Stored data entries
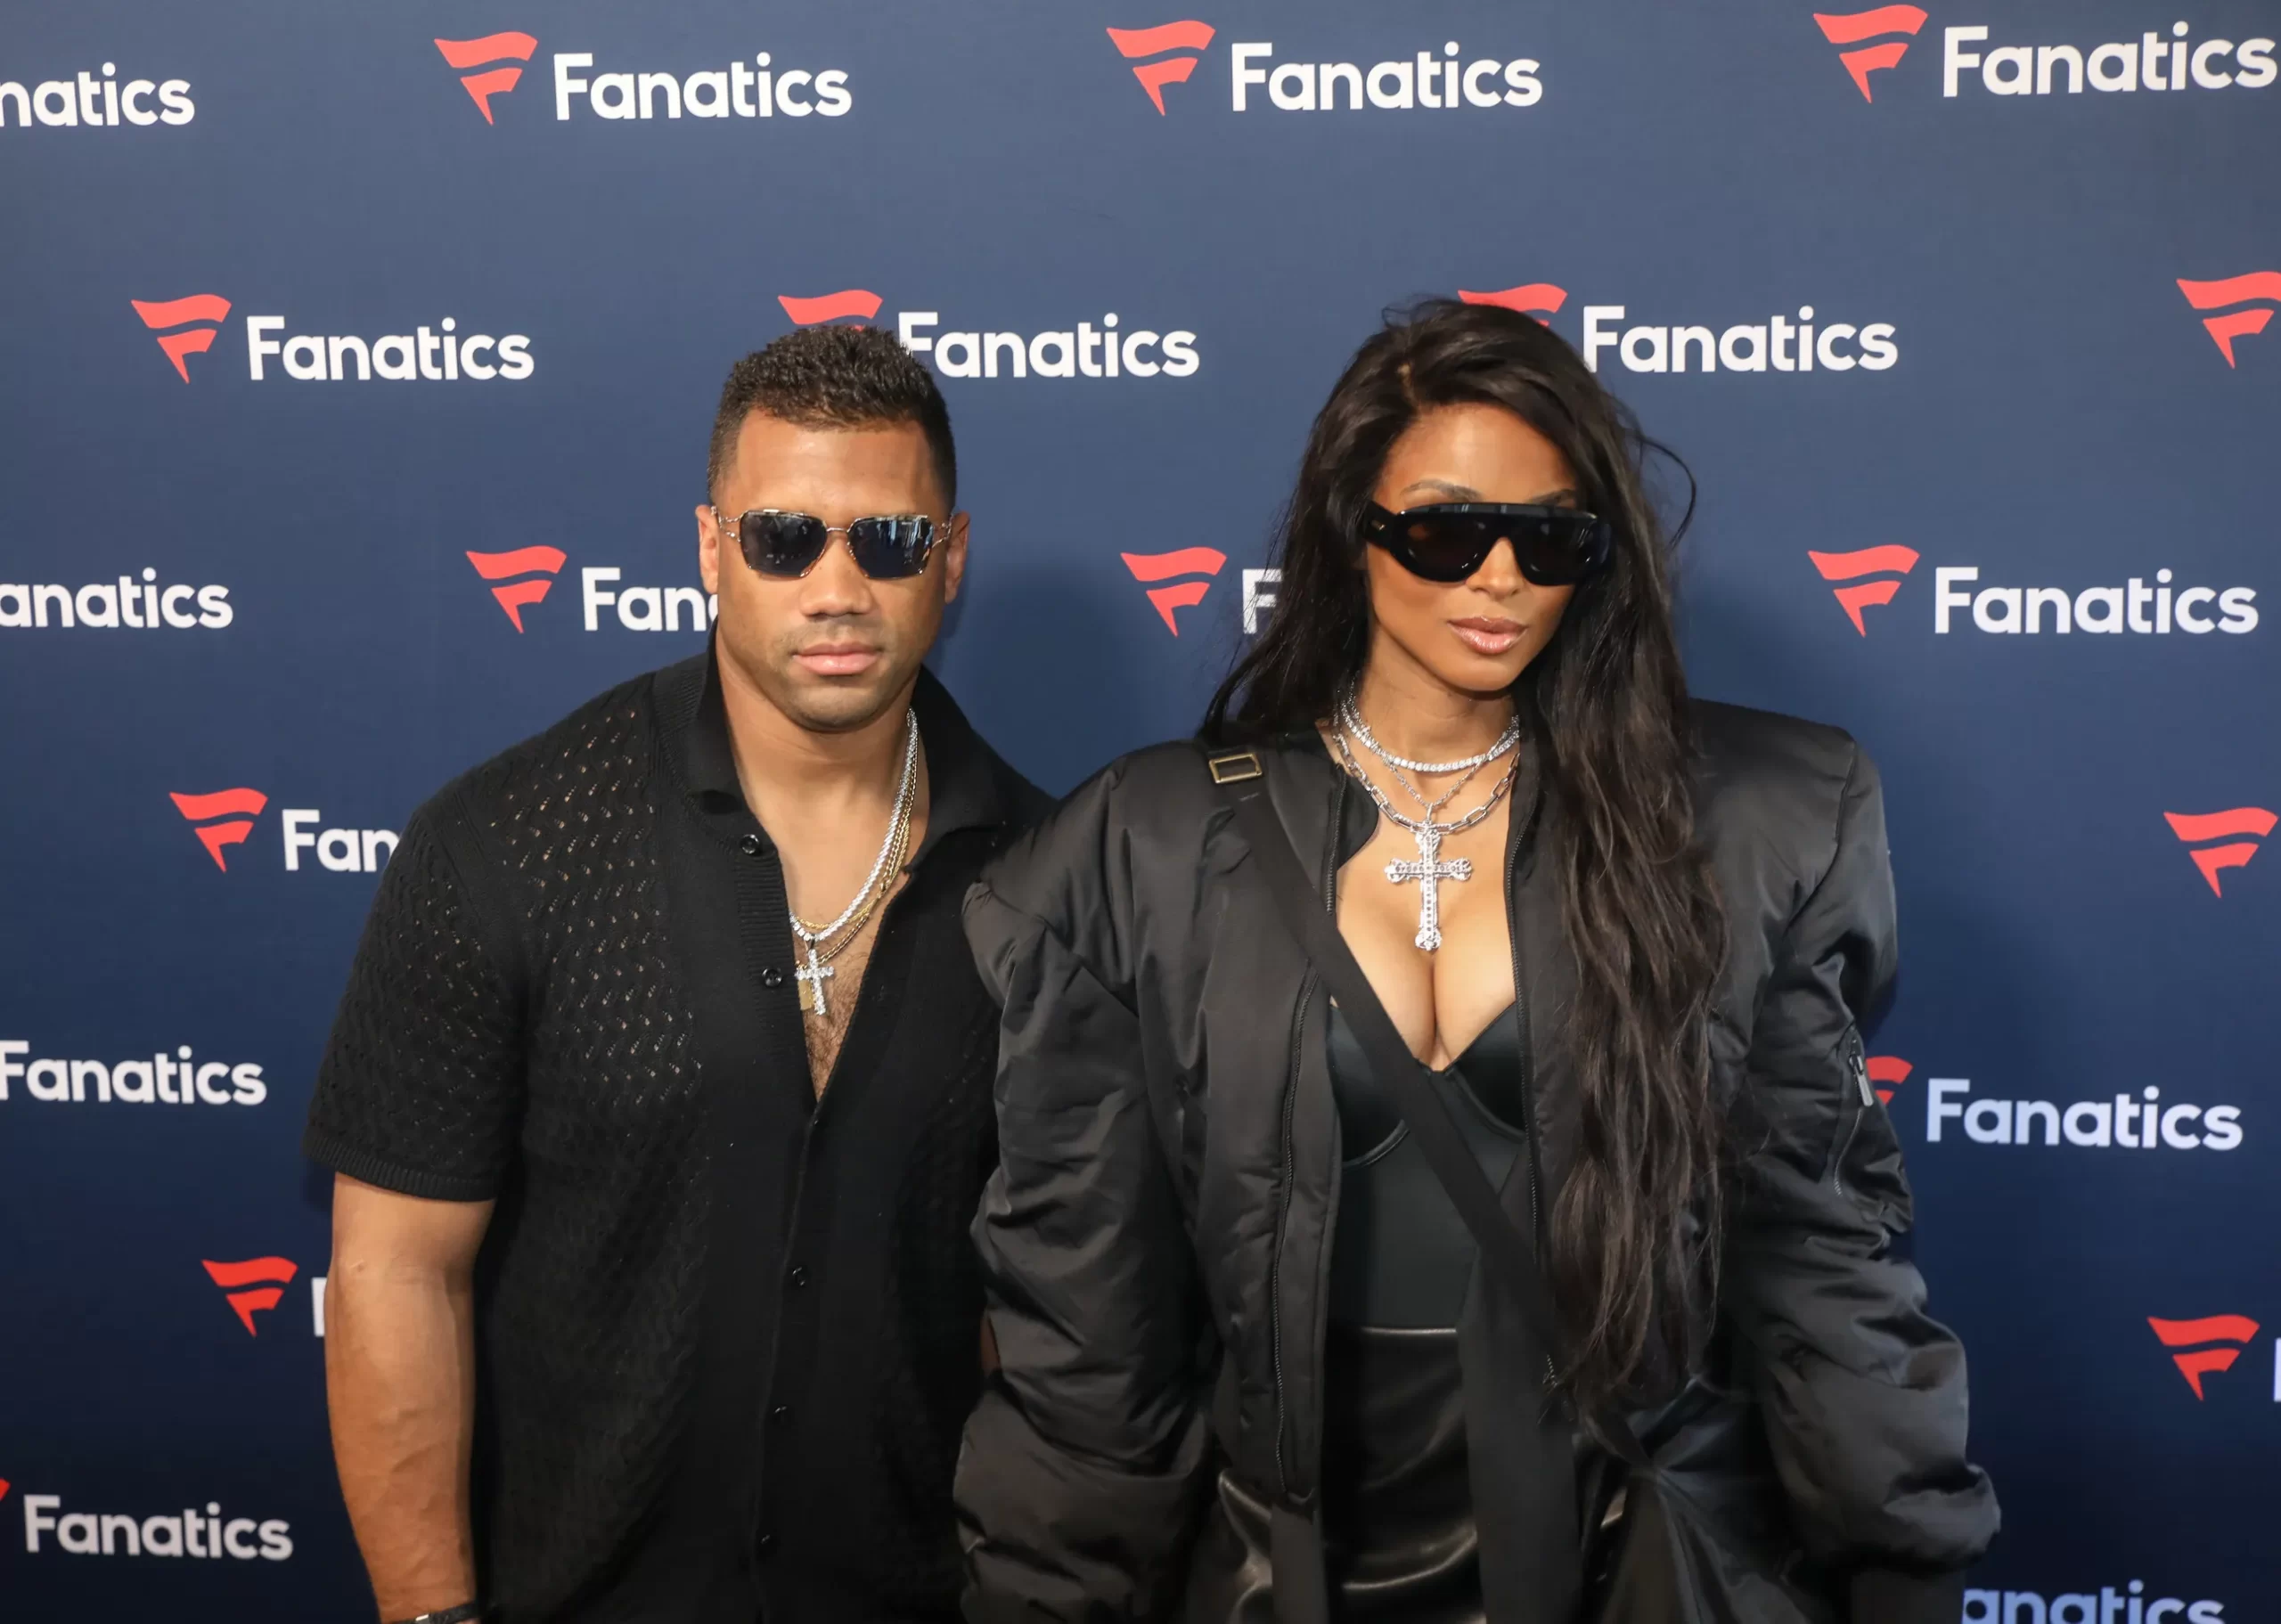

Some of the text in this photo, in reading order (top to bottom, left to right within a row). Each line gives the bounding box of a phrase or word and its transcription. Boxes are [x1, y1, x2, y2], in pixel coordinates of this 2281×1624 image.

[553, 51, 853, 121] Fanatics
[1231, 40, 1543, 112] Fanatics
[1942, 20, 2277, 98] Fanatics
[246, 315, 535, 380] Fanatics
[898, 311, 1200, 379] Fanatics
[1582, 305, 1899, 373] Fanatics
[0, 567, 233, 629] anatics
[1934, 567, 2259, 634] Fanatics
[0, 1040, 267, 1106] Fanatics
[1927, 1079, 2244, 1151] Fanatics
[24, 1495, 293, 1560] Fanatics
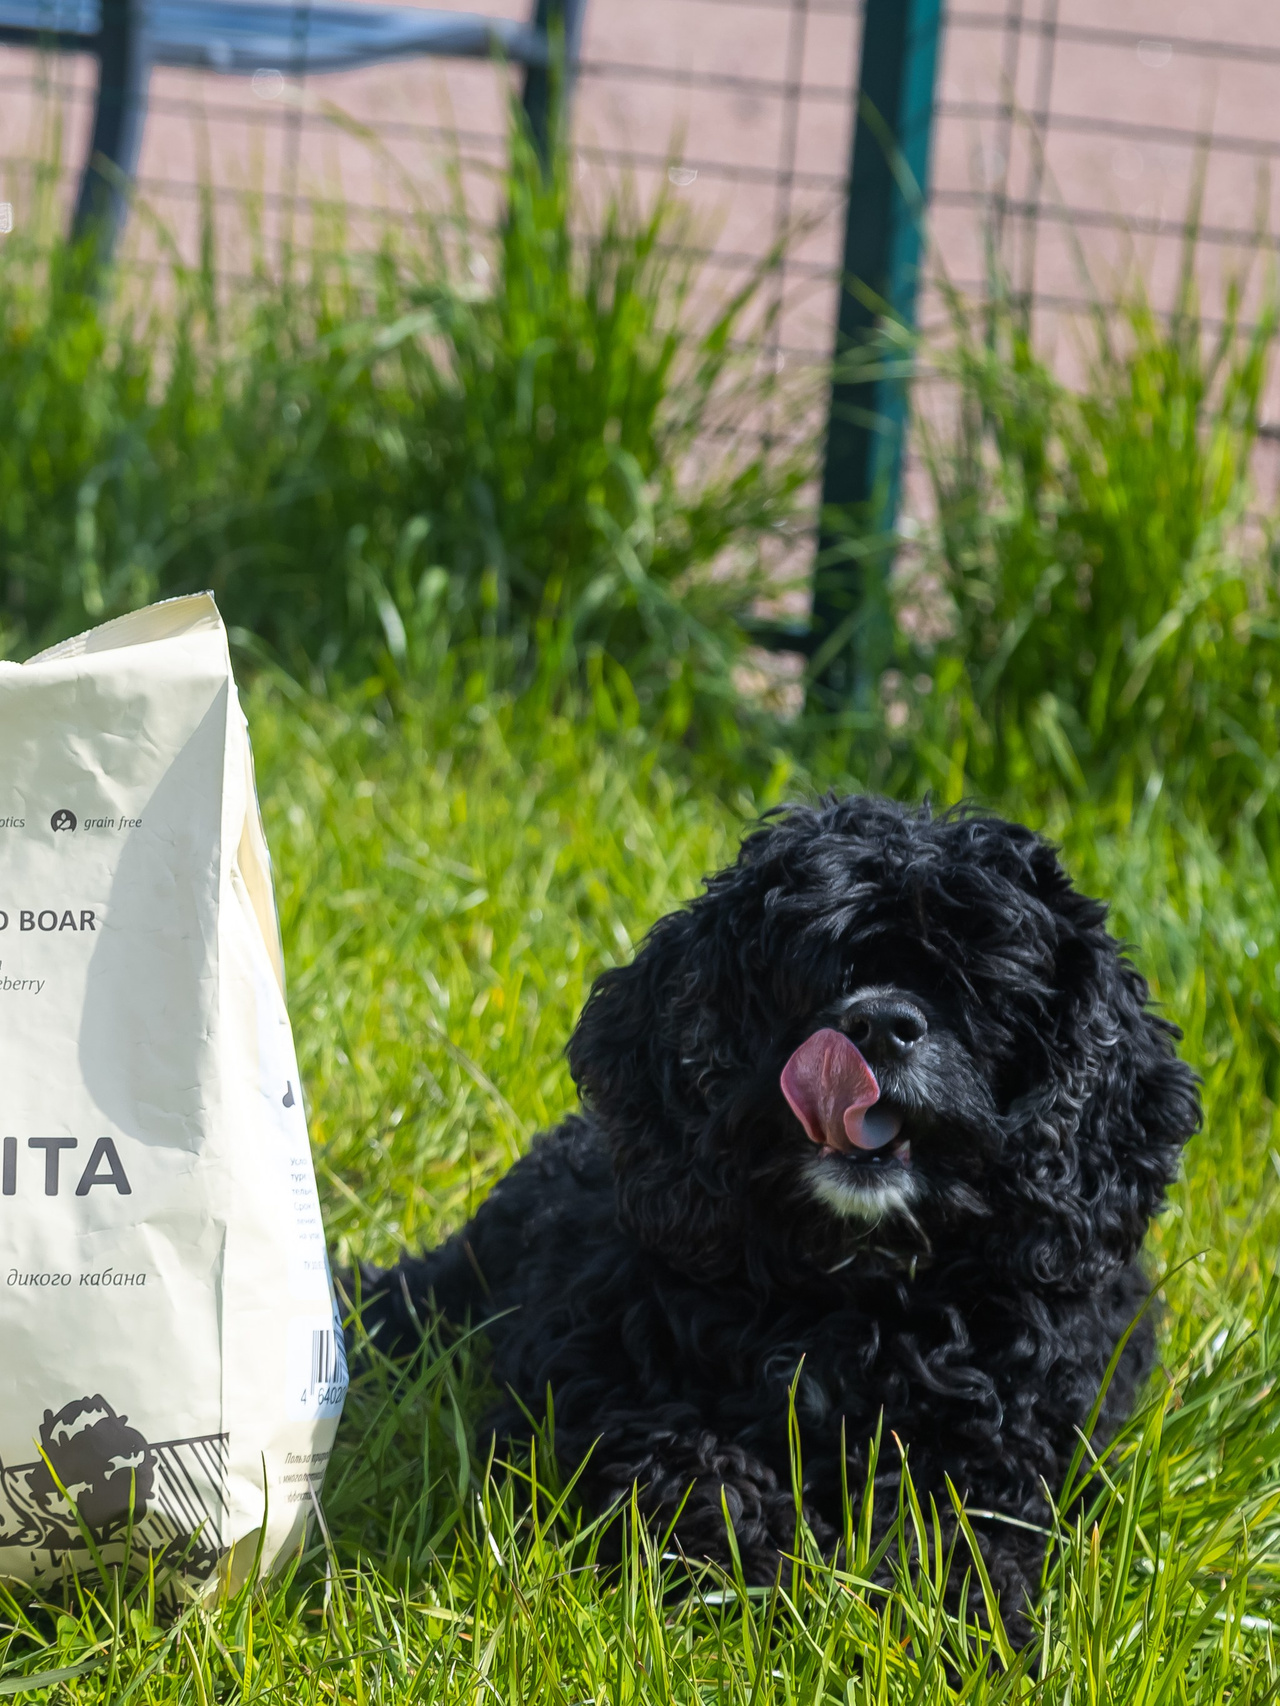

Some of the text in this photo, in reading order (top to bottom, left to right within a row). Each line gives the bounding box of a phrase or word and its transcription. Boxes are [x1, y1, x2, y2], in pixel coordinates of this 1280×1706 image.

» Task objective: Set every record down exactly, omitting pictures.

» Task output:
Some of the text in this photo, in reading order (top to bottom, left to right within a row). Each line gives the bounding box of a phrase or word and its transcription. Boxes are [x1, y1, x2, y2], in pixel coordinates of this 2281×1624 image.

[553, 51, 853, 121] Fanatics
[1231, 40, 1543, 112] Fanatics
[1942, 20, 2277, 98] Fanatics
[246, 315, 535, 380] Fanatics
[898, 311, 1200, 379] Fanatics
[1582, 305, 1899, 373] Fanatics
[0, 567, 233, 629] anatics
[1934, 567, 2259, 634] Fanatics
[0, 1040, 267, 1106] Fanatics
[1927, 1079, 2244, 1151] Fanatics
[24, 1495, 293, 1560] Fanatics

Some of the text in this photo, in reading order (top to bottom, left to right within a row). Each line gives the bounding box of a phrase or word and its transcription. Boxes are [x1, y1, x2, y2], in pixel coordinates of this 1280×1706 image.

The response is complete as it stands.